How much a California workers comp settlement is worth depends on three things: the body part injured, your impairment rating, and your weekly wage. Typical California settlements run Roughly 2000 for minor soft-tissue claims up to 500000 or more for severe permanent disability; many sources cite an average near 21800. Every case differs — actual value depends on the rating, wage, and future medical..

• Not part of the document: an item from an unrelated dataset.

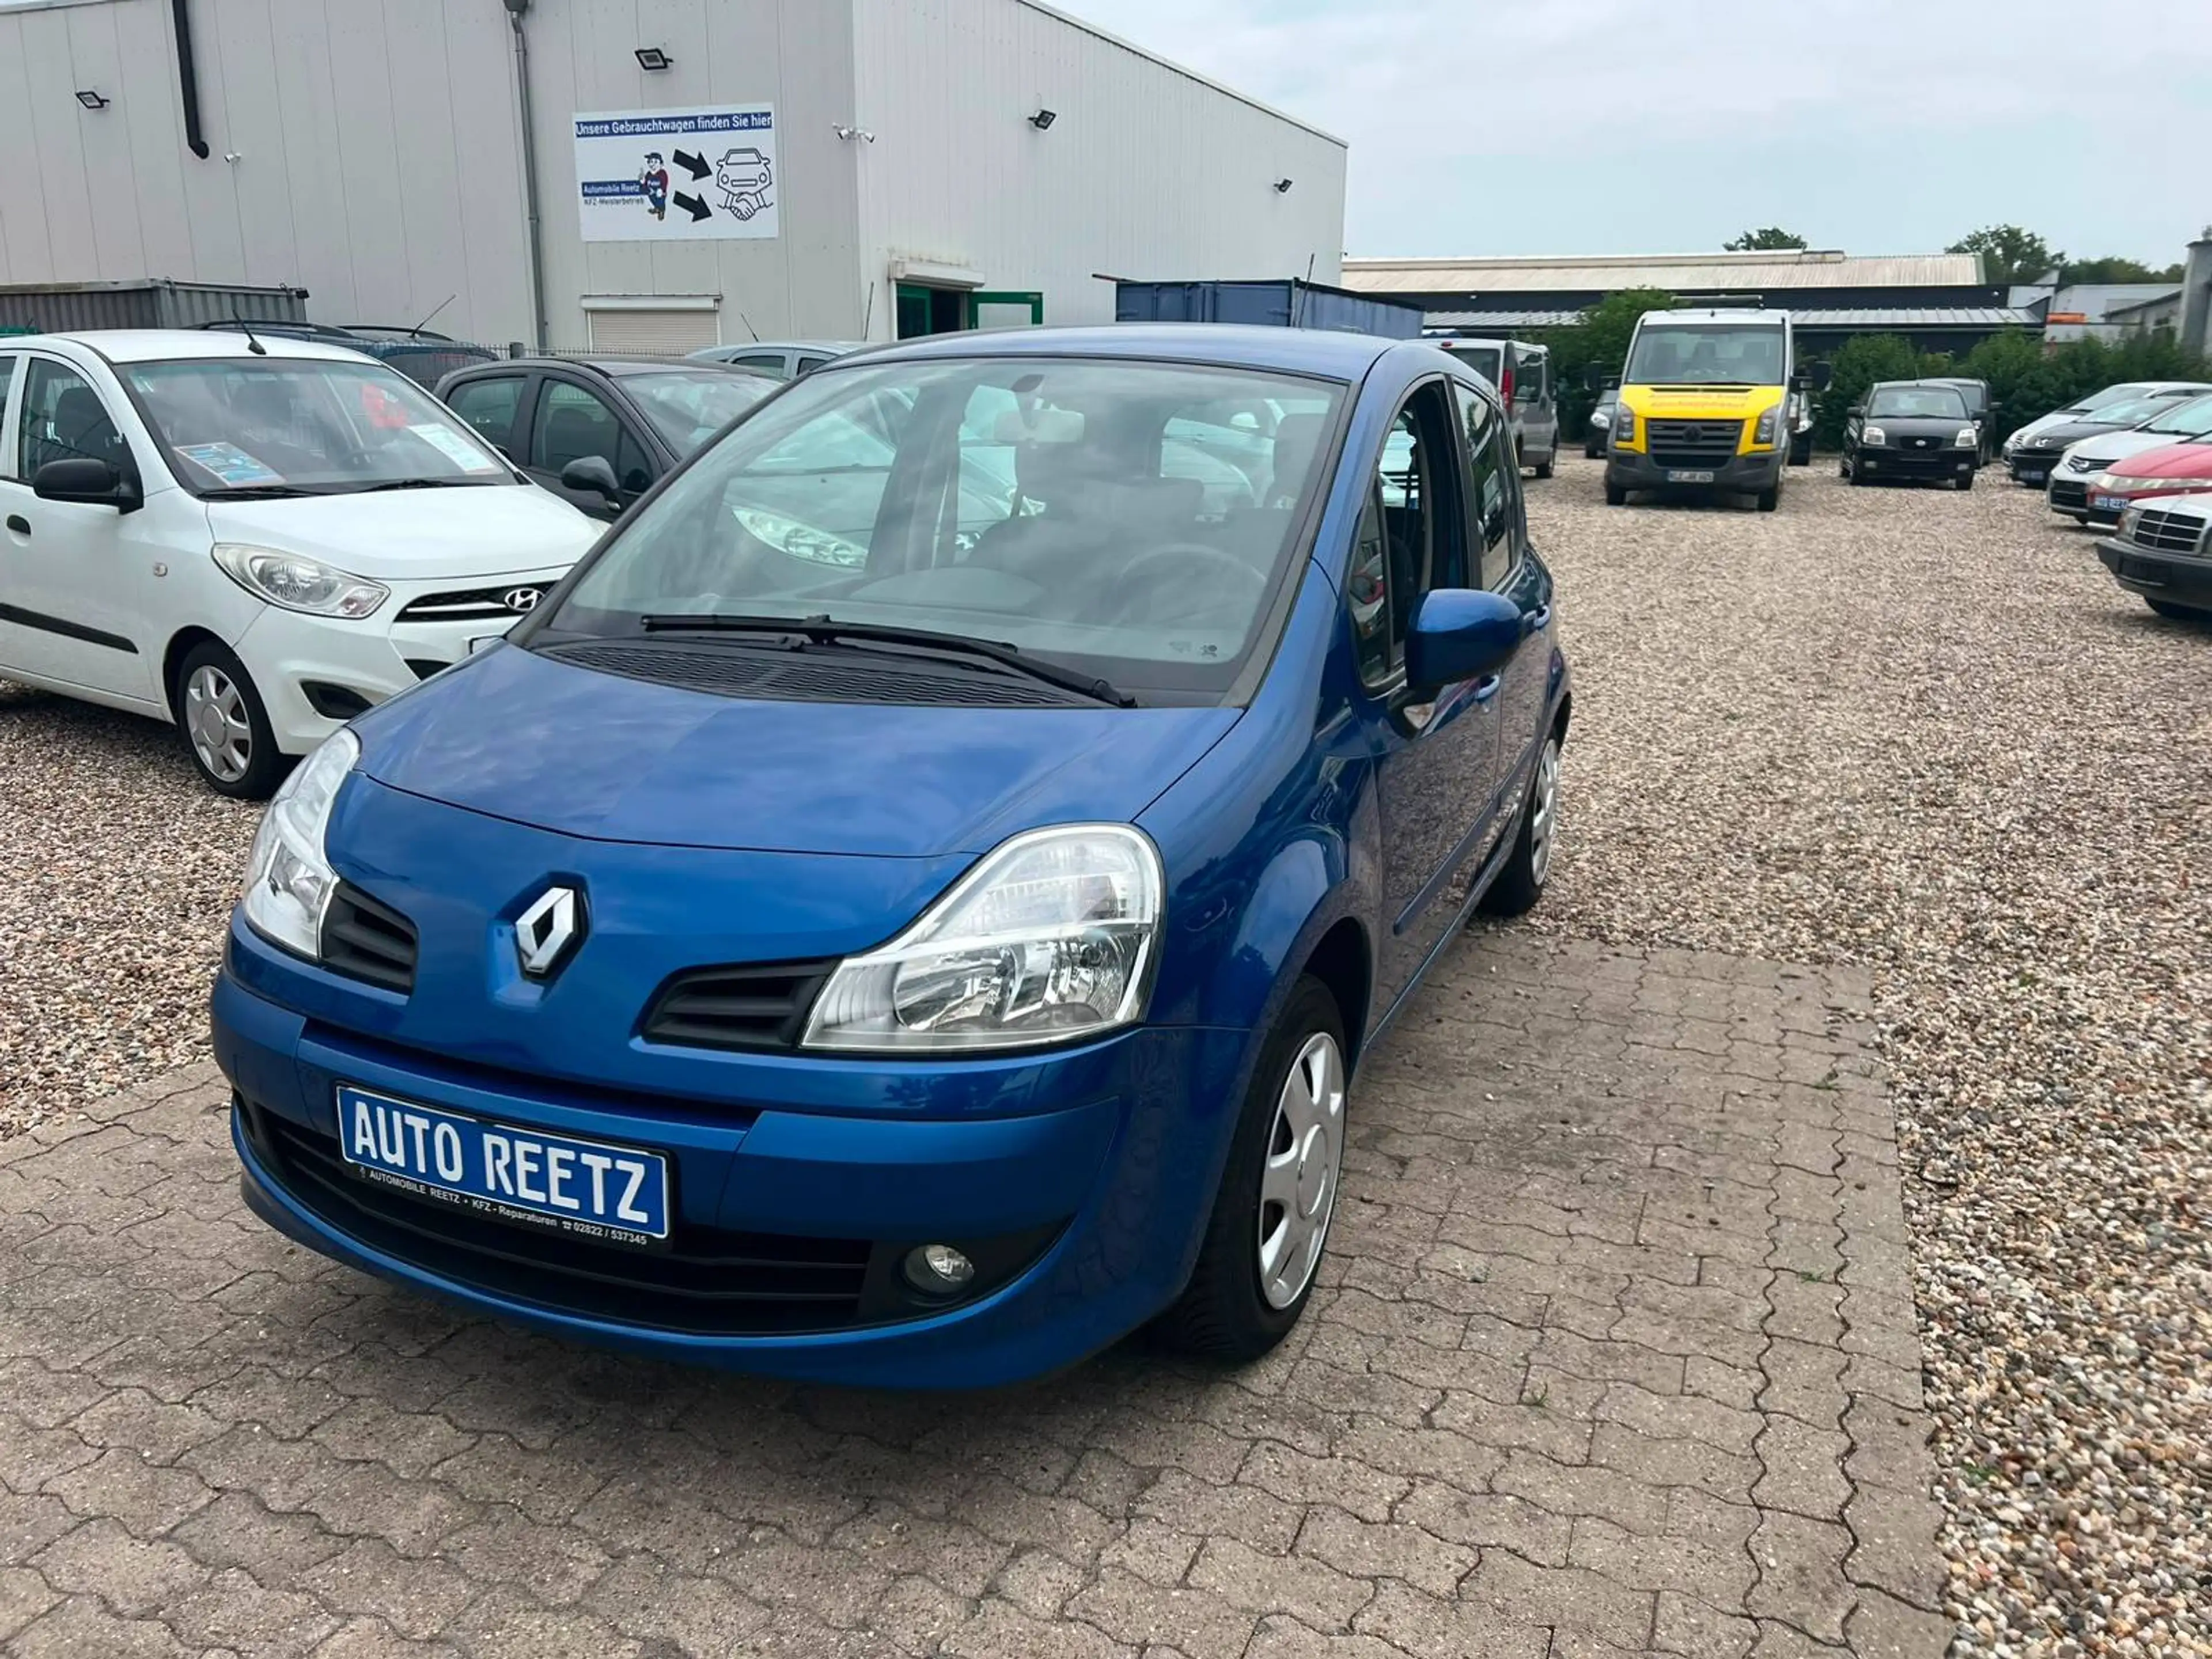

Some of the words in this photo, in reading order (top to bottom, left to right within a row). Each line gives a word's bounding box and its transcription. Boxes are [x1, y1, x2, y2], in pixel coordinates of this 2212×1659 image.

This guide lays out the California caps, the body-part schedule, and how the math works, in plain English. All figures are from California sources, verified as of June 2026.
California at a Glance
| Wage replacement | 66.67% (two-thirds of average weekly wage) |
| Max weekly benefit | 1764.11 |
| Min weekly benefit | 264.61 |
| Waiting period | 3 days |
| PPD method | Combination — impairment-rating times weeks. A physician assigns a Whole Person Impairment (WPI) percentage under the AMA Guides 5th Edition; that figure is then adjusted by the Permanent Disability Rating Schedule (PDRS) for the worker’s age, occupation, and Future Earning Capacity to produce a final PD percentage. The percentage is converted to a number of weeks by the statutory formula in Labor Code 4658 and paid at two-thirds of average weekly wage, subject to the PD weekly min/max. California does NOT use a flat scheduled body-part-weeks list. |
| Lawyer recommended | For serious injuries, denials, or any settlement offer |
In This California Guide:
How Much Is a Workers’ Comp Settlement in California?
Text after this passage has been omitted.